Non so come quella consapevolezza si fosse fatta strada in me, né quando. So solo che sapevo. La nostra società, il nostro mondo, tutta una farsa, una ignobile menzogna alla quale tutti eravamo soggiogati. Ma possibile che io fossi l’unica a sapere? Quanti altri, come me, si fingevano ignari per paura di essere messi a tacere? Poteva esistere un modo di cambiare il corso della nostra storia? 
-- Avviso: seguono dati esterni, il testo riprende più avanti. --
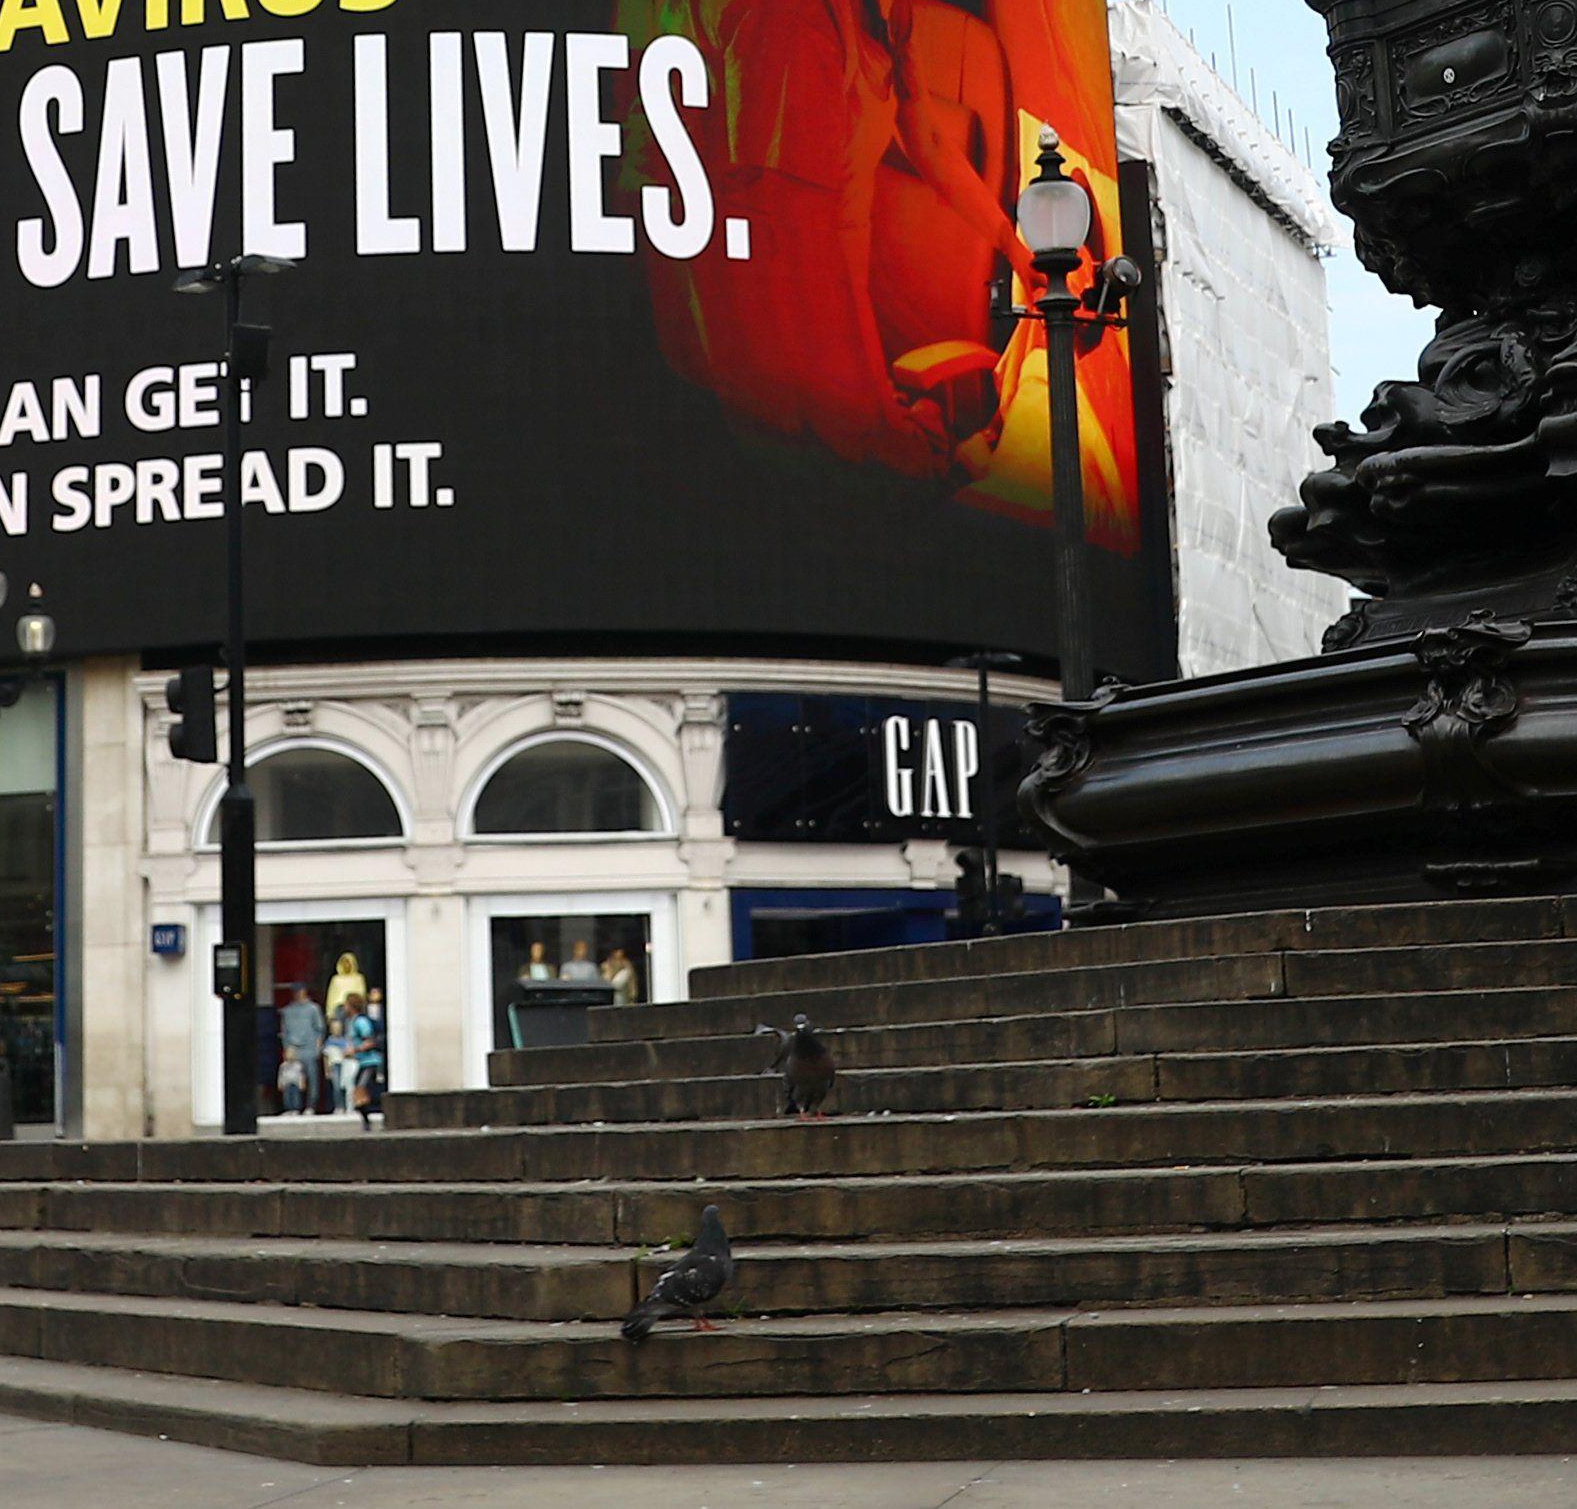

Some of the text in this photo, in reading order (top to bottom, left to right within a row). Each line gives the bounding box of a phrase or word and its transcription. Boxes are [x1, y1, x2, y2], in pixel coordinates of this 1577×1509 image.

[16, 36, 306, 288] SAVE
[354, 30, 751, 260] LIVES.
[289, 353, 369, 419] IT.
[52, 447, 344, 532] SPREAD
[372, 442, 455, 508] IT.
[884, 715, 979, 819] GAP
M.J. - Sed.1 - CONSAPEVOLEZZA



Immoto e immutabile, il copione della nostra pacifica vita si stendeva davanti ai miei occhi, come il vago ricordo di un sogno lontano. Un sogno in cui mi sentivo felice e appagata. Il Regime non era oppressivo, anzi, mi aveva aiutata giorno dopo giorno ad individuare le mie attitudini e i miei punti di forza, perché potessero essere messi al servizio di Città Stato. Mi era stato permesso di studiare, di scegliere un’area di specializzazione, e l’unica cosa che mi veniva chiesta in cambio era la lealtà, il rispetto del Garante e delle leggi che questi promulgava. Tutto sommato non era un prezzo alto. 
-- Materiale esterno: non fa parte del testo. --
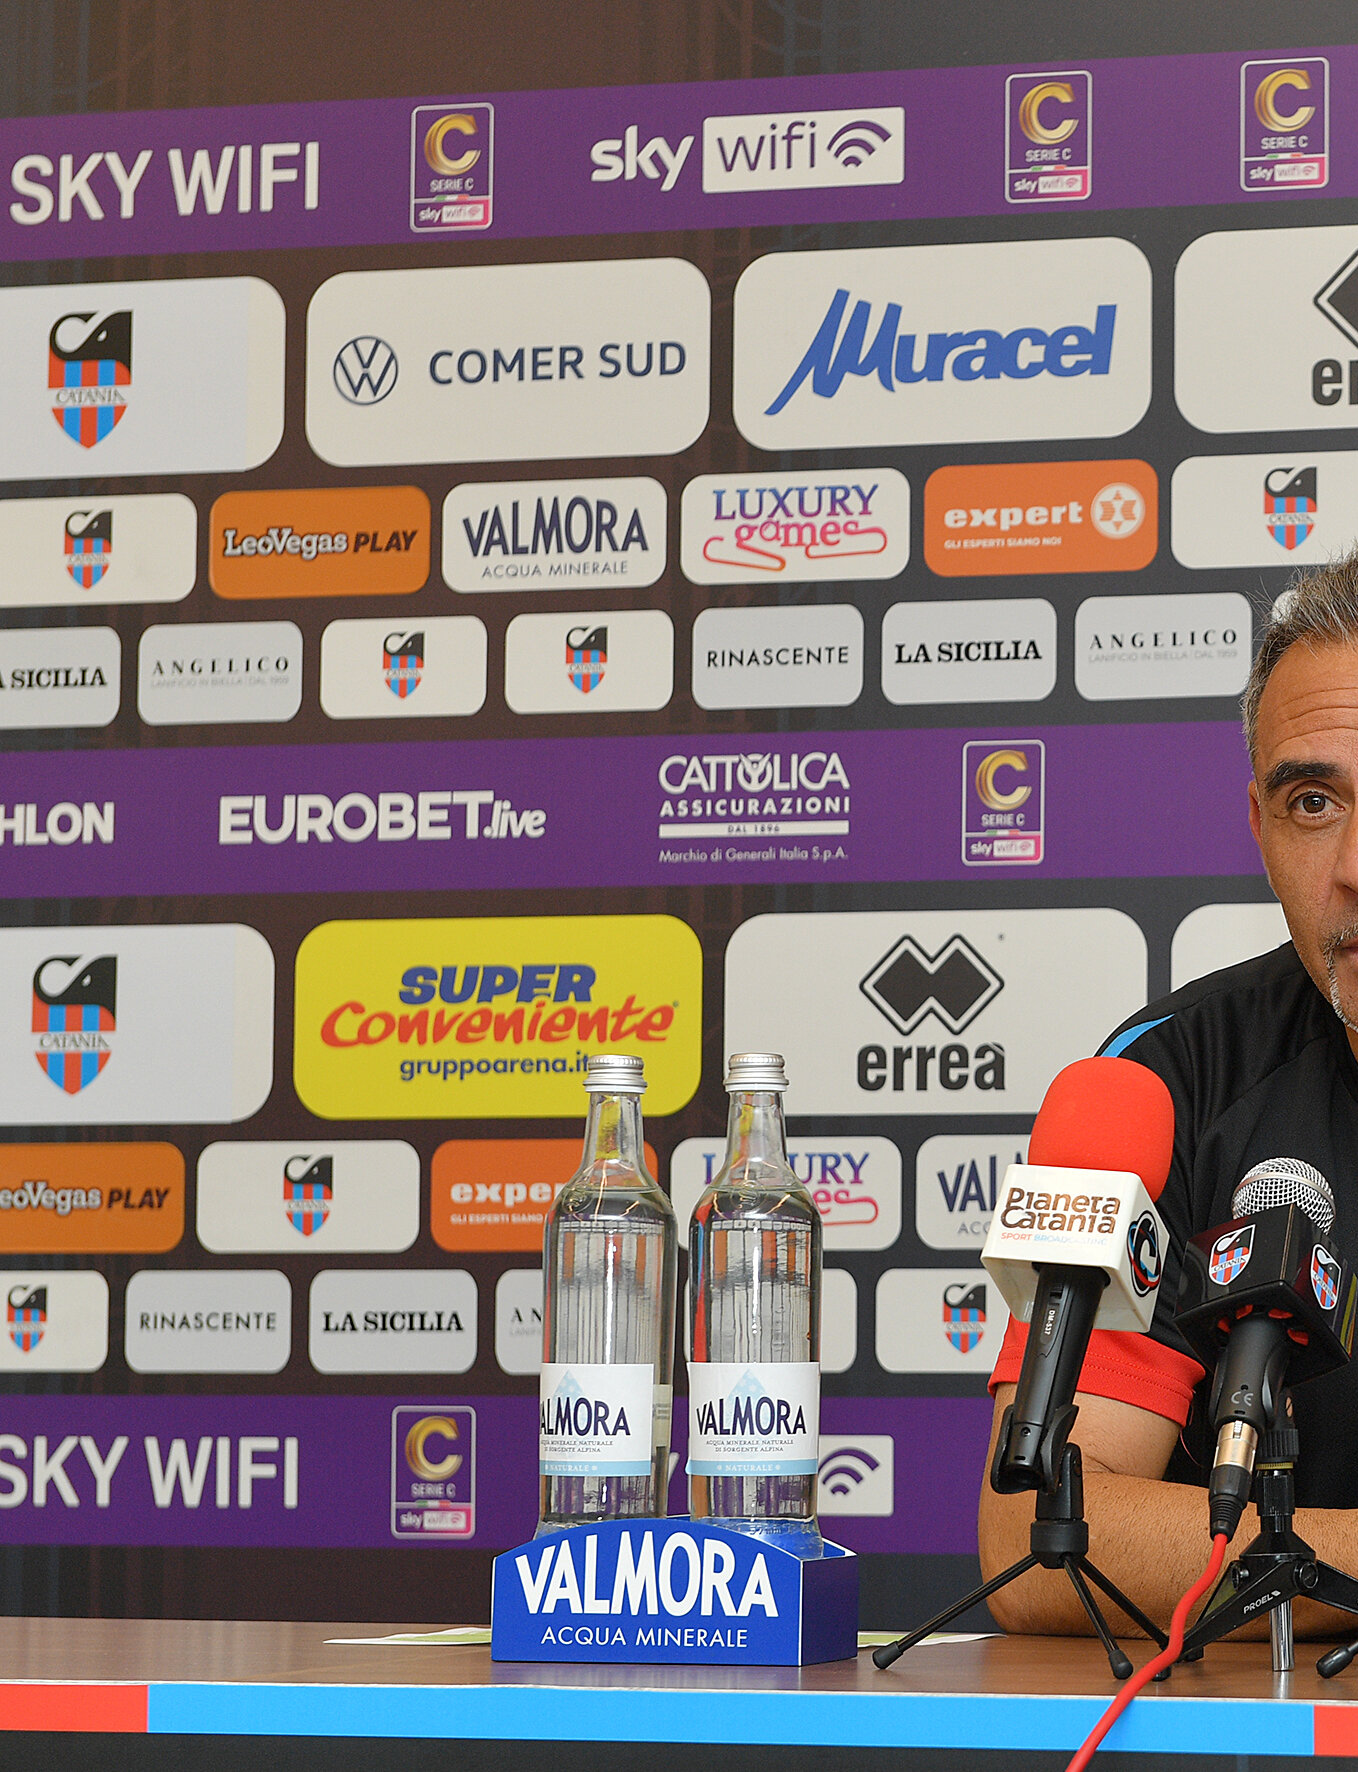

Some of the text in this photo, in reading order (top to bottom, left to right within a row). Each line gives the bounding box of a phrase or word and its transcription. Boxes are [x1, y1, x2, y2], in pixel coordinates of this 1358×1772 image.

[1261, 135, 1309, 150] SERIE C
[589, 121, 818, 192] sky wifi
[1025, 148, 1072, 162] SERIE C
[9, 141, 320, 225] SKY WIFI
[430, 178, 474, 192] SERIE C
[429, 341, 687, 385] COMER SUD
[763, 288, 1117, 416] Muracel
[55, 387, 126, 406] CATANIA
[712, 483, 879, 521] LUXURY
[461, 495, 650, 558] VALMORA
[944, 500, 1083, 531] expert
[223, 527, 418, 561] LeoVegas PLAY
[482, 560, 629, 580] ACQUA MINERALE
[1090, 629, 1237, 649] ANGELICO
[706, 646, 849, 668] RINASCENTE
[894, 639, 1042, 664] LA SICILIA
[152, 656, 289, 676] ANGELICO
[10, 666, 108, 690] SICILIA
[658, 751, 851, 795] CATTOLICA
[660, 796, 850, 818] ASSICURAZIONI
[981, 813, 1025, 827] SERIE C
[659, 848, 708, 863] Marchio
[710, 847, 722, 861] di
[725, 846, 776, 861] Generali
[780, 845, 808, 860] Italia
[398, 964, 597, 1005] SUPER
[320, 994, 675, 1049] Conveniente
[38, 1032, 109, 1050] CATANIA
[0, 1181, 170, 1216] eoVegas PLAY
[1005, 1187, 1121, 1215] Pianeta
[1000, 1206, 1116, 1234] Catania
[1000, 1231, 1032, 1241] SPORT
[139, 1311, 277, 1331] RINASCENTE
[323, 1311, 464, 1332] LA SICILIA
[1231, 1391, 1254, 1407] CE
[540, 1397, 631, 1436] ALMORA
[696, 1396, 807, 1436] VALMORA
[0, 1434, 299, 1510] SKY WIFI
[725, 1464, 774, 1472] NATURALE
[411, 1484, 456, 1497] SERIE C
[515, 1530, 779, 1617] VALMORA
[1243, 1593, 1274, 1615] PROEL
[541, 1625, 749, 1648] ACQUA MINERALE
Nel pieno rispetto della normativa vigente, anch’io avevo condotto i miei studi presso Vera Conoscenza, il polo scolastico principale del pianeta Dea. Là avevo studiato, scoperto, imparato. La città di Capitale era splendida ai miei occhi, un tripudio di elegante marmo bianco a incorniciare i palazzi del governo di Città Stato, il vertice di un impero che si estendeva fino a coprire Dea nella sua interezza, e che il Garante aveva l’onore e l’onere di proteggere. A contrastare meravigliosamente con la pietra stavano le immense chiome degli alberi che ci sovrastavano, oscurando quasi completamente la vista del cielo al di sopra. 
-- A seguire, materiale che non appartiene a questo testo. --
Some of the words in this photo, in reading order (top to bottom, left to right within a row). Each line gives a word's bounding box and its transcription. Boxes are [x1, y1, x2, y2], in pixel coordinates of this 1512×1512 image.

La mia famiglia aveva sempre vissuto a Capitale, e non avevo la minima idea di cosa ci fosse veramente fuori. Le mie fantasiose conoscenze si basavano sulle informazioni e sulle immagini che i documenti raccolti a Vera Conoscenza veicolavano. In realtà non provavo il desiderio di viaggiare, cosa che comunque non sarebbe stata così semplice: per spostarsi da una città all’altra era necessaria una particolare autorizzazione del Garante, e bisognava seguire le rotte prestabilite. Non c’era da scherzare, era una questione di sicurezza. Il mondo al di fuori delle città era pericoloso, popolato da creature ingovernabili. Si tramandava più di qualche storia su quei mostri pallidi e longilinei capaci di sottomettere la volontà delle loro vittime abbastanza a lungo da gustarsi i loro cervelli con tutta calma. Vivevano nutrendosi di pensiero cosciente, e ciò che restava di chi aveva la disgrazia di incrociare il loro cammino non era altro che un guscio vuoto da riempire di nuovo da capo. Ma c’erano anche persone che avevano più coraggio e incoscienza della media e che, facendo del viaggio una ragione di vita, si appiccicavano l’apposita targa sul petto e partivano. 
A proposito di targhe, il sistema identificativo era molto rigido, perché i Tutori, ovvero quelle persone che su mandato del Garante si preoccupavano di mantenere l’ordine di Città Stato, avevano bisogno di capire al primo colpo d’occhio – e di scanner – se si trovassero di fronte ad una persona a posto oppure no. Per questo era necessario segnalare che tipo di affari si conducevano, applicando la giusta targa sul petto: si poteva essere cittadini, turisti, viandanti, ospiti… un elenco standard di giustificazioni alla propria presenza in un certo luogo.
Tutto logico, regolare, consequenziale. Il trionfo del nesso causa-effetto. Una vita semplice e appagante. O almeno era quello che pensavo quando ancora vivevo appieno l’illusione. Che cosa c’era di diverso dagli altri, in me? Tutto iniziò con quel sogno, che non era un sogno come tanti, e al mio risveglio mi aveva lasciato addosso la sensazione di aver vissuto qualcosa di reale. O che per lo meno era stato tale. Da quel momento in poi non mi era stato più possibile liberarmi di quella sensazione di disagio, una consapevolezza che non potevo sopire, o più semplicemente ignorare. Qualunque cosa facessi, qualunque persona frequentassi, in qualunque posto mi trovassi, percepivo la menzogna. E anche se razionalmente sapevo che non avrei dovuto prestare fede a qualcosa visto in sogno, la mia essenza più profonda aveva preso quel qualcosa e l’aveva immediatamente accettato e metabolizzato, come se si fosse trattato non già di un sogno, ma di una promanazione dello stesso Dea, o della condensazione di un ricordo collettivo troppo a lungo rimosso. O imbrigliato.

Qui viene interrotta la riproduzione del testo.